When Muskrat Falls power comes online in several years, ratepayers will pay substantially more for electricity, but Premier Dwight Ball says his Liberal government is working to limit that increase.
The Public Utilities Board is preparing to hear an extremely difficult rate hearing over electrical rate increases in March, and will need to fill some of its commissioner positions. — Stock photo

“Did you get your homework done?”

It’s the sentence that strike fear in the hearts of schoolchildren everywhere.

Russell Wangersky
Russell Wangersky

Soon, though, it may be striking fear in some fresh provincial Liberal appointees.

Here’s why.

There are supposed to be four commissioners at the Public Utilities Board. Andy Wells resigned as chair before the 2017 municipal elections. Two of the remaining commissioners are reaching the end of their appointments. With those departures, 43 years of regulatory experience will be gone, and could be replaced with new Liberal-appointed faces at a time when the board is dealing with a series of complex and technical applications.

Part of the problem now is that those appointments haven’t been made.

The board is preparing to hear an extremely difficult rate hearing over electrical rate increases, set to start on March 19.

But in correspondence sent to all the involved parties last week, the PUB had to announce a new wrinkle in that already-months-delayed round of public hearings.

“This start date is contingent on the board having certainty on the appointment and filling of the commissioner positions by March 2, 2018; and the availability of those that may be appointed to these positions to sit on the panel commencing March 19, 2018,” the board wrote. “If the board does not have confirmation on the commissioner appointments by March 2, 2018 the hearing date of March 19, 2018 will be postponed.”

It’s already going to be a wrangle: there are five different intervenors in the rate application, represented by at least eight lawyers, so you can imagine that it will all move at the speed of litigious molasses.

The board is preparing to hear an extremely difficult rate hearing over electrical rate increases, set to start on March 19.

But just imagine that the provincial government actually makes the appointments in time for the hearings to start.

Anyone new to the process will have a steep learning curve indeed.

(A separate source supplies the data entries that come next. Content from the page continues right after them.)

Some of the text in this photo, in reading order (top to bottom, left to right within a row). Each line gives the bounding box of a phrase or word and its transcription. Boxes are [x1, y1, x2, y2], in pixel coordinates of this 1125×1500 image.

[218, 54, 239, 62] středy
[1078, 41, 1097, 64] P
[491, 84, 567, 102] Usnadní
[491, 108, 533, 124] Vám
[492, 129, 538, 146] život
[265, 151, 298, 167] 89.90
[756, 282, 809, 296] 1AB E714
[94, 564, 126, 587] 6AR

Their homework will include: Newfoundland and Labrador Hydro’s three-volume, 1,946-page rate application and its supporting documentation, more than 350 pages of pre-filed expert testimony, 1,030 requests for additional information and their respective answers from Newfoundland Hydro (and the 50 times Hydro corrected, revised or changed their answers to questions), and the list goes on.

And it’s not easy reading. Try sentences like, “The proposed rate of return on rate base for the 2018 and 2019 Test Years of 5.73 per cent and 5.68 per cent, respectively, is based on an embedded cost of debt of 5.34 per cent and 5.25 per cent, respectively, for the 2018 and 2019 Test Years, and a return on equity (ROE) of 8.5 per cent for the 2018 and 2019 Test Years.” That sentence alone carries two separate explanatory footnotes and refers the reader to a 37-line, 10-column table that has its own explanatory footnote.

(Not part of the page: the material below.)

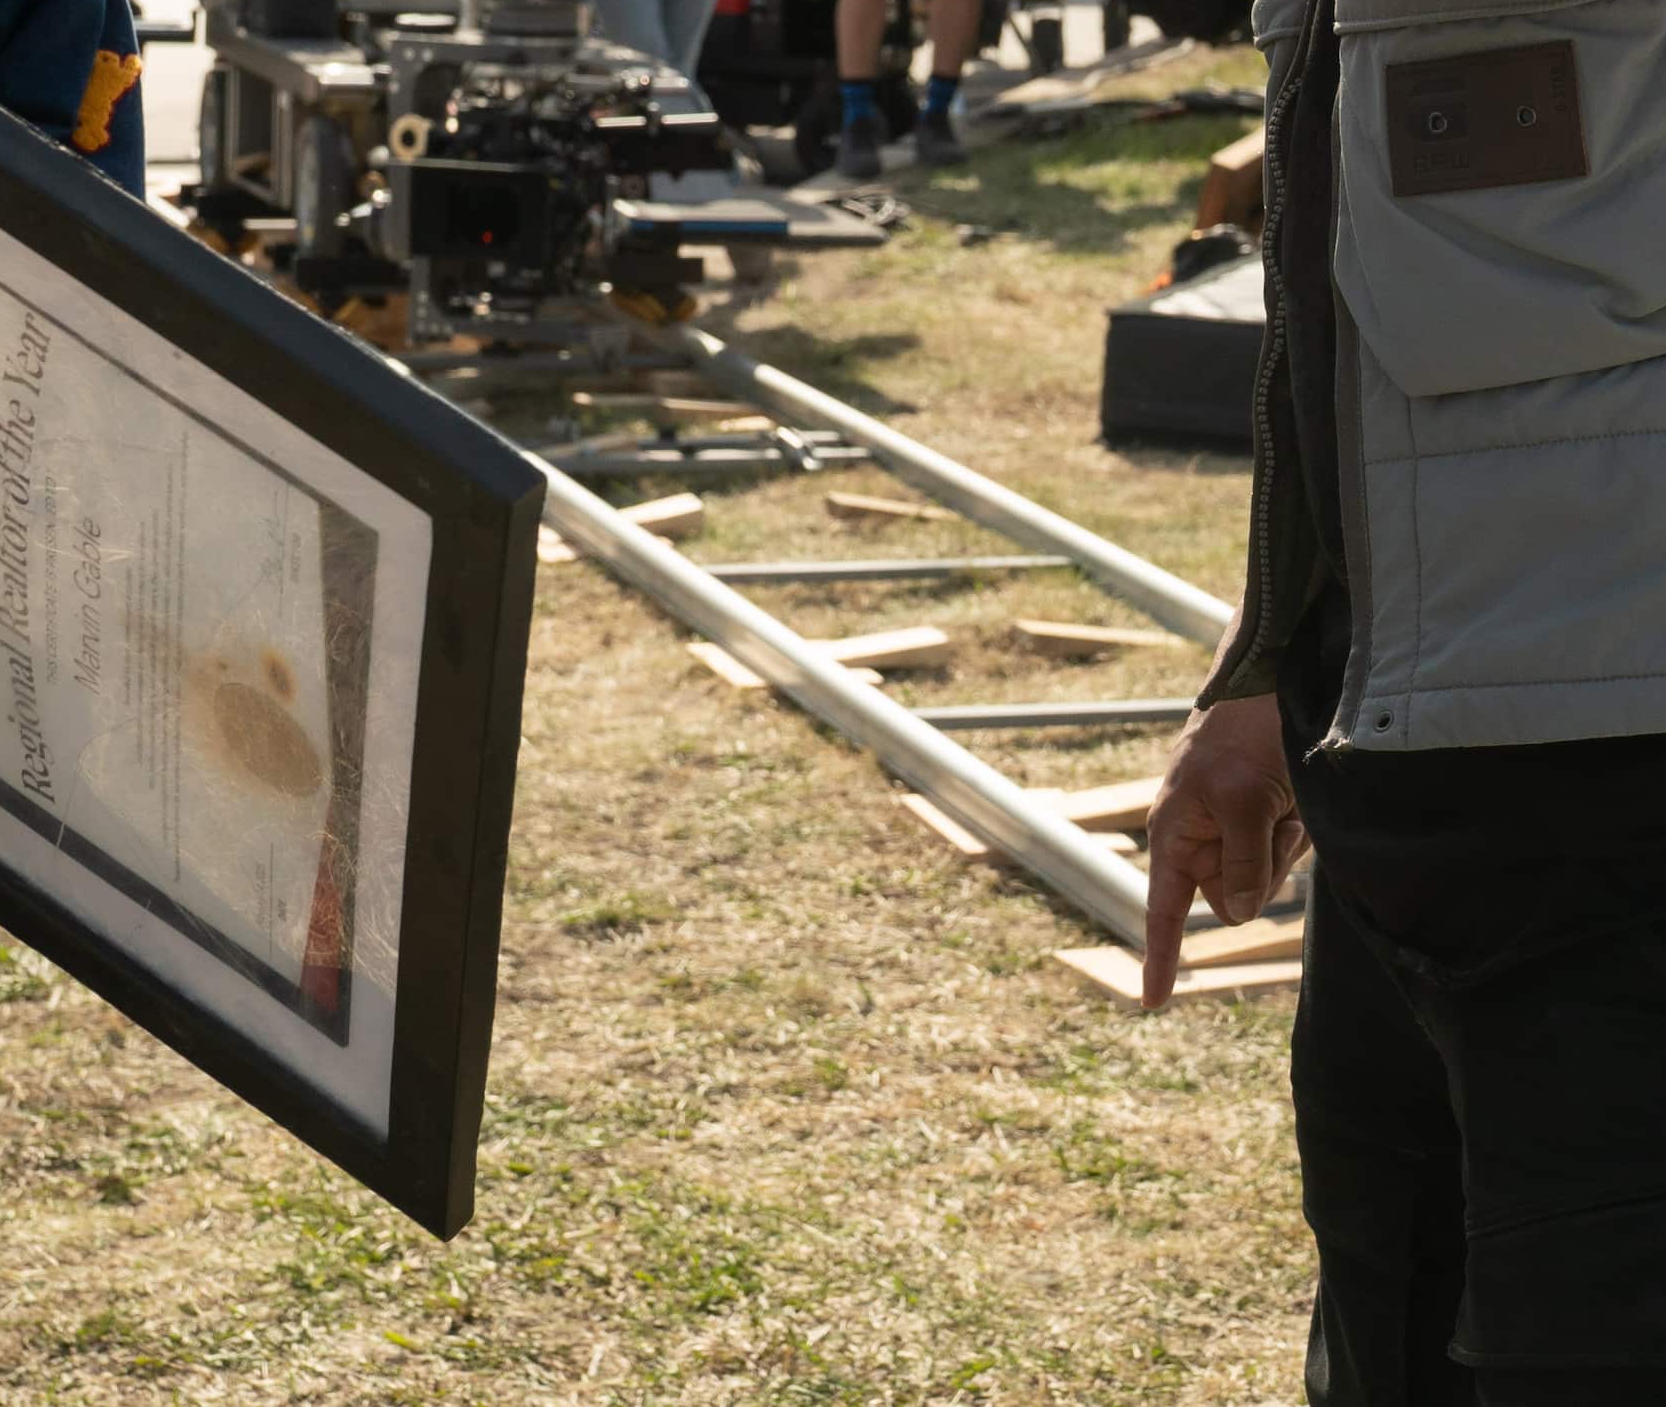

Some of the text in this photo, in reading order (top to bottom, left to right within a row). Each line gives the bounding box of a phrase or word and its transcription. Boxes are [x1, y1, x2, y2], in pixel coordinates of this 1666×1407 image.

Now, some of the documentation is boilerplate, and any new commissioner will have the able assistance of commission staff.

But that’s not the only thing the board is dealing with.

On top of electricity rates, the same board is mandated to start hearing a full review of the automobile insurance business in the province in a few short months.

It’s a rough time for any newbies — especially because the decisions they make are going to be critical.

The electrical rate increase is examining a rate environment where bills could rise by 23 per cent by next January. The insurance review is examining a fundamental change in the rights of people who are injured in traffic accidents to sue for damages. There’s already a significant pushback from personal injury lawyers keen on protecting a key part of their business, and the review is likely to be both fractious and involved.

It’s not enough just to put butts in chairs to make decisions.

They have to be the right decisions as well — or else everybody will be paying for it.